ABOUT THIS TASK – Lines before the one containing "this 2048×1536 image." are left out; that line and all after it, through the end of the records, must be transcribed exactly.

-- DATASET CONTENT follows --

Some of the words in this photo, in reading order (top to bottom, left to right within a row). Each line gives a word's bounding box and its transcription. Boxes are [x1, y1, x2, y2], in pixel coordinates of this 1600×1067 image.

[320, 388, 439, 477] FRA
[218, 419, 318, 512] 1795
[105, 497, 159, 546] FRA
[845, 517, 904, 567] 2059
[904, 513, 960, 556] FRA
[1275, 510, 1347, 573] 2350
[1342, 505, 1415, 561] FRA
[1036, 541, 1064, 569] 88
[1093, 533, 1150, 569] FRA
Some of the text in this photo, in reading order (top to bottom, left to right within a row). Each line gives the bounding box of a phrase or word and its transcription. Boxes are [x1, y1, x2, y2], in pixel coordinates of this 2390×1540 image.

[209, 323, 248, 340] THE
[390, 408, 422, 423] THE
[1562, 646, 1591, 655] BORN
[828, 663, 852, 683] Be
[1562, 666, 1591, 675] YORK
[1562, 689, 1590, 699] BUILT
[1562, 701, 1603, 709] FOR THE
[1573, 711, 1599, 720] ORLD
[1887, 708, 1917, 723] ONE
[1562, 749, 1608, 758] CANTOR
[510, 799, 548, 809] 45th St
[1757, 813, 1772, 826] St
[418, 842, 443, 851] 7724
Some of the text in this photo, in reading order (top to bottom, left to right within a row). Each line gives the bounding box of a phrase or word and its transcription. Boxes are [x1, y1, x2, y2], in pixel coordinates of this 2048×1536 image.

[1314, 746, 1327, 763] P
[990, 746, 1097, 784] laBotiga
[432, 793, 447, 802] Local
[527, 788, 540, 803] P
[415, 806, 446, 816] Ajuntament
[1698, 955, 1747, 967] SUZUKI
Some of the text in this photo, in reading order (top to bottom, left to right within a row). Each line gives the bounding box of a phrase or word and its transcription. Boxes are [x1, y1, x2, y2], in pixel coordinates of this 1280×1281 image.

-- DATASET CONTENT concluded --

SOLUTION TO THE EXERCISE –
Some of the text in this photo, in reading order (top to bottom, left to right within a row). Each line gives the bounding box of a phrase or word and its transcription. Boxes are [x1, y1, x2, y2], in pixel coordinates of this 2048×1536 image.

[1314, 746, 1327, 763] P
[990, 746, 1097, 784] laBotiga
[432, 793, 447, 802] Local
[527, 788, 540, 803] P
[415, 806, 446, 816] Ajuntament
[1698, 955, 1747, 967] SUZUKI
Some of the text in this photo, in reading order (top to bottom, left to right within a row). Each line gives the bounding box of a phrase or word and its transcription. Boxes are [x1, y1, x2, y2], in pixel coordinates of this 1280×1281 image.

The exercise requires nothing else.